“The sorcerers said to Pharoah: ‘It’s the finger of God!’ but Pharoah’s heart hardened and he didn’t listen.”
~ Shemos 8:15

Unlike the first two plagues, where Pharoah’s advisers used their own sorcery to duplicate the blood and frogs, when it came to the lice they admitted defeat.

Until now every decision Pharoah made was through their trusted counsel, so why did he stop listening?

When someone is obsessed they’re not only blind to the obvious, they’re even deaf to the words of those they trust most.

If people say you’re not listening – don’t get your ears checked – check your ideas.




“The boy grew up and she brought him to Pharaoh’s daughter and he was a son to her…
It happened in those days that Moshe grew up and went out to his brothers and saw their burdens.”

~ Shemos 2:10-11

In the Exodus narrative, we’re told of Moses’ journey from prince of Egypt to redeemer of the Jews.

Why repeat that he “grew up” ?

Because people mature in two different ways: either physically through aging or spiritually through experience. Moses’ second “growing up” was the latter, a result of empathizing with his enslaved fellow Jews and then taking responsibility to help them.

Transforming your life into the one you dream of, is a function of you taking responsibility, not aging.


“Cursed be their rage for it is intense, and their anger for its cruel.”
~ Genesis 49:7

On his deathbed, Jacob gathers his sons for final words of encouragement. Some needed rebuke for their mistakes.

Instead of speaking directly, Jacob scolds their anger, why?

Because what parents say either builds or breaks their children, especially when trying to help them improve. The most supportive message is that mistakes – and the emotions which caused them – don’t reflect one’s essence. So Jacob criticises what they felt, not who they are.

How we speak to ourselves should be no different.

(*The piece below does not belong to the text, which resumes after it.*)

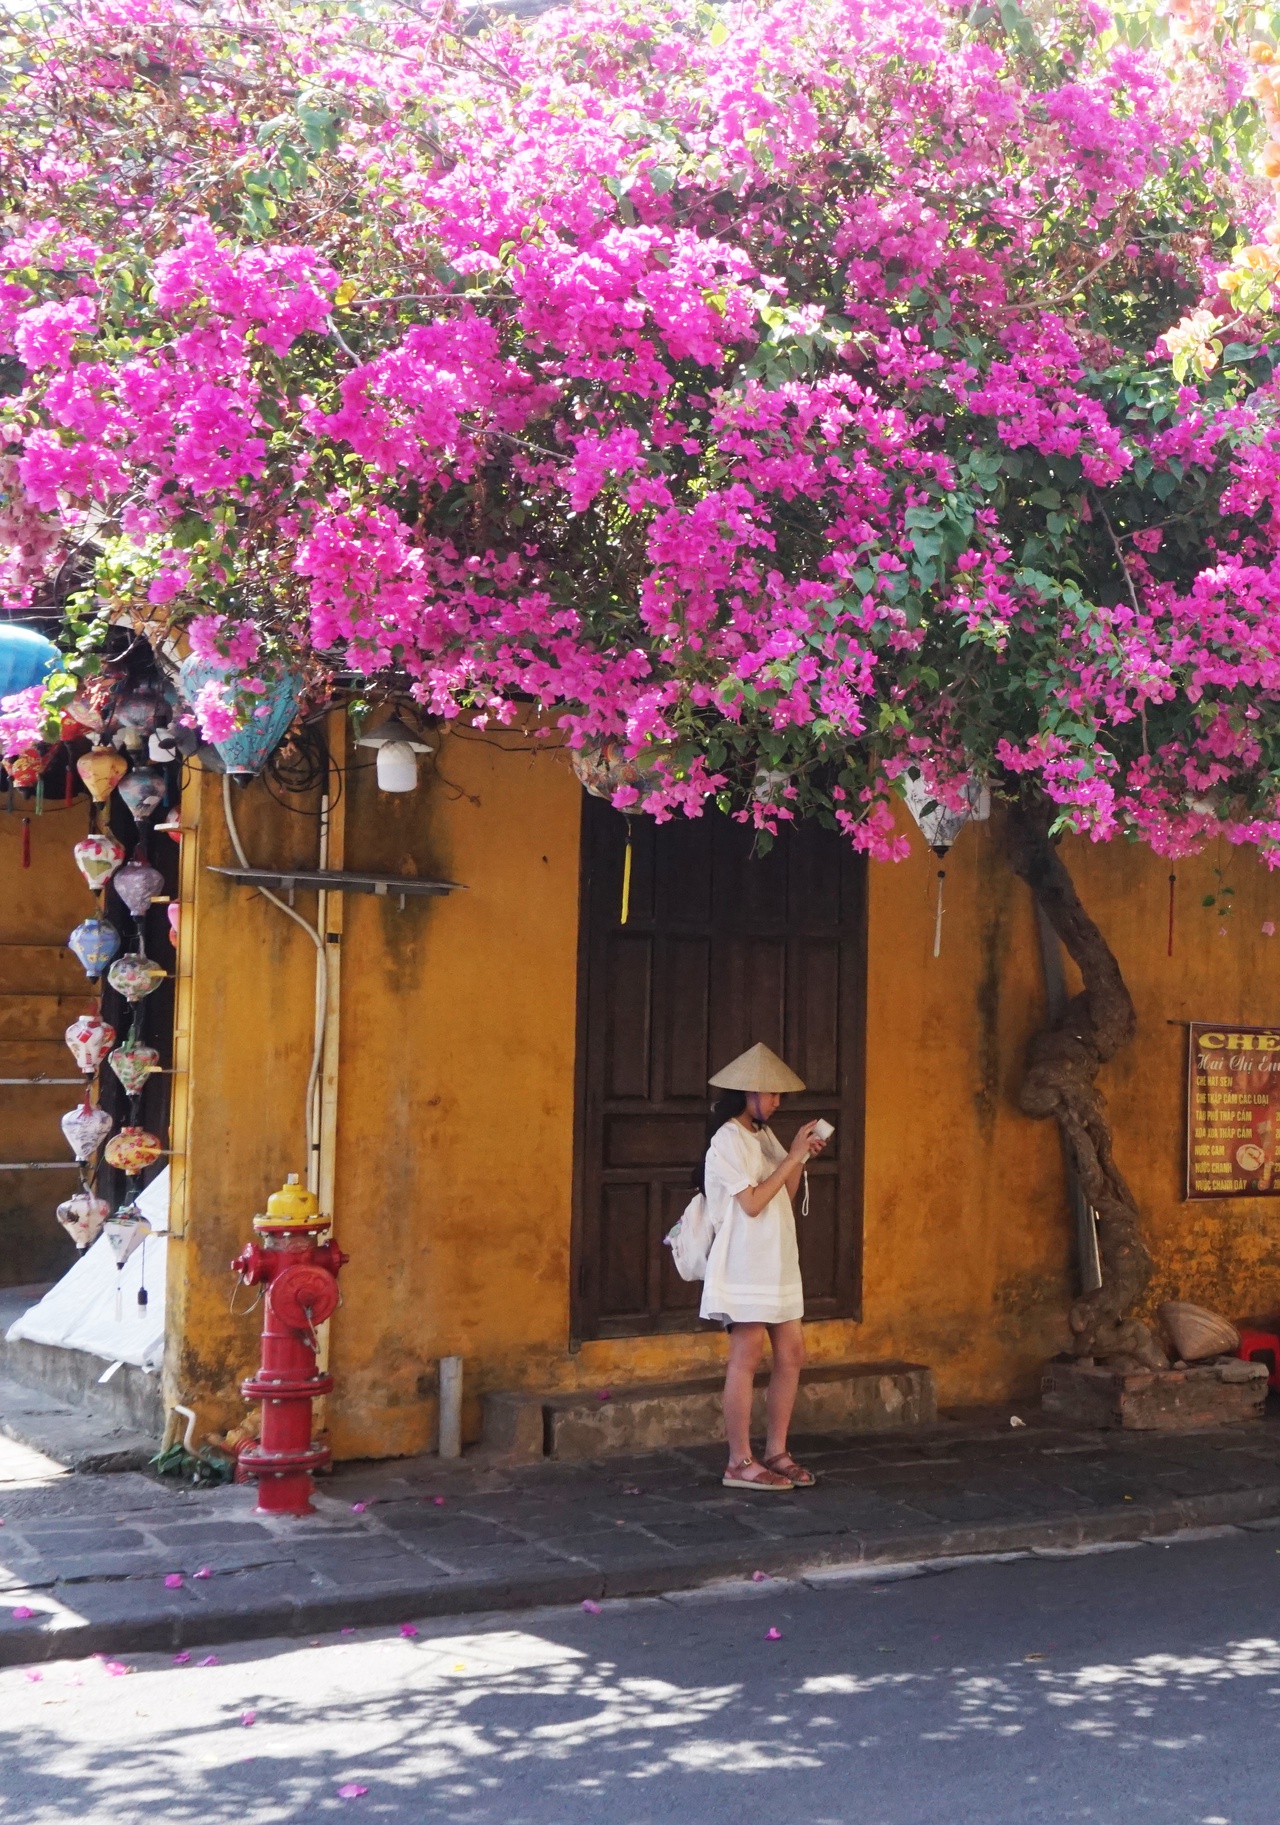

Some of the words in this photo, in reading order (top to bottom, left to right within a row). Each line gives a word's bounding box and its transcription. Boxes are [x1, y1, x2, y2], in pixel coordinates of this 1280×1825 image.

[1197, 1053, 1224, 1071] Hai
[1229, 1054, 1254, 1074] Chị
[1254, 1094, 1269, 1107] LOẠI

“And he sent off his brothers … saying to them: ‘Don’t be too hasty on the way”
~ Genesis 45:24

Joseph isn’t only alive, he rules over all Egypt! Naturally, his brothers want to rush home and share the good news with their father.

Why warn them not to hurry?

Because in the same way everything is part of a divine plan, everything also has its time. So rushing around frantically not only creates the risk of silly mistakes, it actually makes no difference to the result.

Faith means trusting that things will be as they should, when they should.